Why You’ve Heard of Solyndra, but not Vogtle

The Kochtopus media machine has made sure that the misfires of a burgeoning new industry, Solar energy, have become household names. Solyndra is the best example of non-scandals that Fox & Friends have tried hard to pump into something substantial.

Meanwhile, backed by a loan guarantee 15 times as large as the one Solyndra got, the new Vogtle Nuclear project has been quietly plowing ahead in Georgia.  Inevitably, the same types of tiresome and monotonous glitches, snafus and gremlins so familiar to nuclear industry observers have been cropping up and bogging down the ill considered project.

Those still looking for a nuclear revival would do well to consider what those of us paying attention knew a long time ago. This stuff is just too damn complex, ponderous, and expensive to compete. But don’t expect to hear much about it on Fox & Friends.

Wall Street Journal:

The first newly licensed nuclear-power plant to be built in the U.S. in decades, the Vogtle project in Georgia, has run into construction problems and may be falling years behind schedule, according to an engineering expert advising the state.

The $14 billion plant is being closely watched by energy experts as a bellwether for the rebirth of the U.S. nuclear industry, because it involves a new type of nuclear reactor and a modular construction method that are supposed to reduce construction time and cost.

But a construction monitor warned in a report to the Georgia Public Service Commission this month that the plant, which will be operated by Southern Co. SO -1.21% on behalf of several utilities, was falling behind schedule because of what he called an unsatisfactory performance by its construction team.

The expert hired to monitor the project, Bill Jacobs of engineering consultancy GDS Associates Inc., advised the regulators to brace for a potentially costly delay of two to four years. The two-reactor plant was initially scheduled to put its first reactor into service in 2016 but now expects that to happen in 2017.

Joseph “Buzz” Miller, executive vice president for Southern Nuclear, said Southern knew there were risks going into the project. “We haven’t built [reactors] in 30 years,” he noted.

Southern already was facing criticism from consumer groups that Georgia customers’ power needs could be met more cheaply by natural-gas-fired power plants and through conservation efforts.
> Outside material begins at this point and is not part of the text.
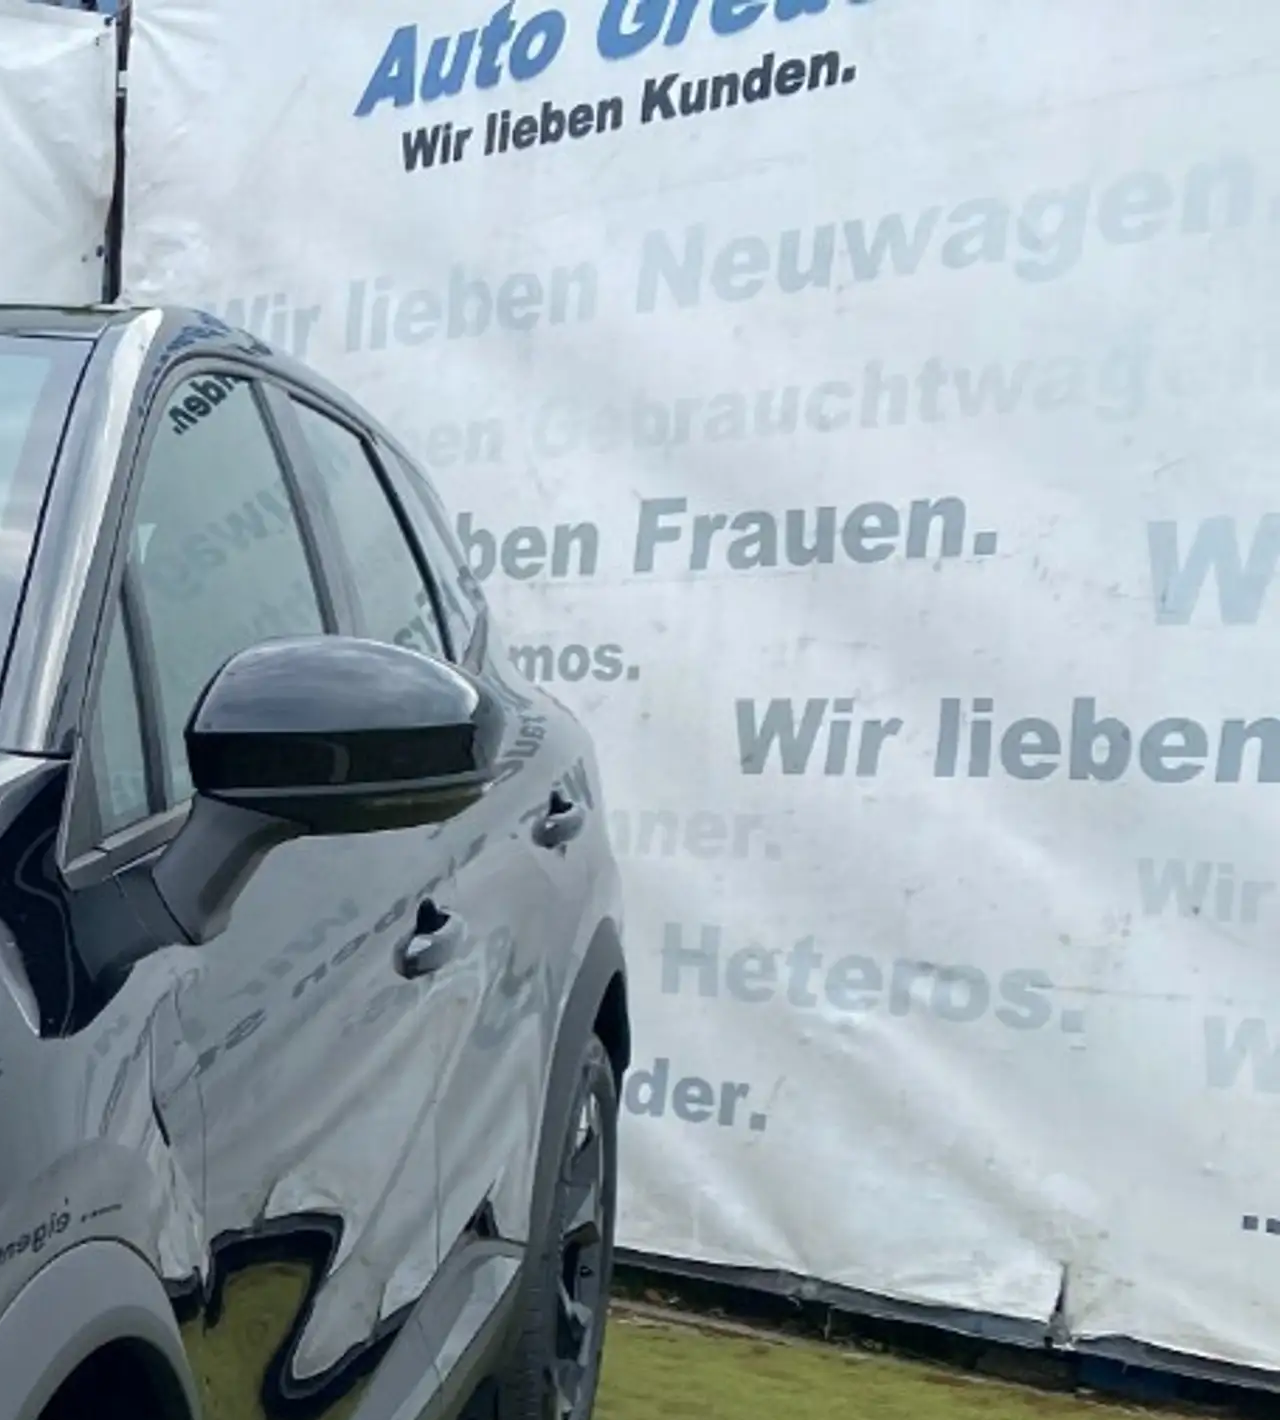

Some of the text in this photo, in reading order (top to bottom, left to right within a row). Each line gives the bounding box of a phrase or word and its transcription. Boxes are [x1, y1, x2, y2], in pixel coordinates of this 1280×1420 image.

Georgia Public Service Commissioner Tim Echols said he wants to see the plant finished but said consumers shouldn’t have to pay for the builders’ “learning curve.”

Nuclear Power Daily:

Private lenders have declined to finance new reactors because of the enormously high cost of new nuclear power and the substantial risk that any such investment will fail. In 2003, the Congressional Budget Office (CBO) estimated that the chance of a loan for new nuclear reactor construction resulting in default would be “very high – well over 50 percent.”

The Obama administration’s proposed loan guarantee for Vogtle transfers the risk onto American taxpayers, who would pay up to $8.33 billion if Southern Company and its partners run into the same kind of trouble that is routine in the nuclear power industry-cost overruns, delays and project cancellations.

And Vogtle does have a history that should trouble taxpayers worried about assuming responsibility for the massive loan guarantee: the original two reactors at the Georgia site took almost 15 years to build, came in 1,200 percent over budget and resulted in the largest rate hike at the time in Georgia.

On The Lake Front:

Why should we expect Southern Company to be any better at controlling costs now than back in the 1970s and 1980s when its original nukes on the Savannah River went massively over budget? Massively as in 26 times as much per unit as originally projected.

Kristi Swartz wrote for the AJC 30 Jan 2012, A financial look at Plant Vogtle nuclear projects,

“When the two original nuclear units at Plant Vogtle were planned, the total cost estimate was $660 million..”

Yet, as Jon Gertner reported for NYTimes 16 July 2006,

The plant took almost 15 years to move from blueprints to being operational. And by the time it began producing electricity in the late 1980’s, its total cost, $8.87 billion, was so far overbudget that Vogtle became yet another notorious example of the evils of nuclear energy….

The grand plan was to have four reactors. Instead, it was scaled back to two, Vogtle Unit 1 (finished in 1987) and Vogtle Unit 2 (1989).

That’s right, 4 nuclear units were planned for $660,000,000 fifteen (15) years later only 2 units were built, for $8,870,000,000. That’s more than $8 billion in cost overruns, or more than 13 times the original cost estimate. So per unit, that’s more than 26 times the original estimate, or more than $4 billion per unit.

And of course that $8,870,000,000 is in 1987 dollars. In 2012 dollars that would be about $17,976,000,000. Or about $9 billion a unit.

The stock excuse for nuclear contractors way back when was the staggering cost of constantly changing Nuclear building standards and regulations.  Of course, one of the reasons those costs became so staggering is that many of these projects were still under construction when the Three Mile Island accident shone a bright spotlight on glaring design deficiencies that citizens groups and independent scientists had been shouting about for a decade.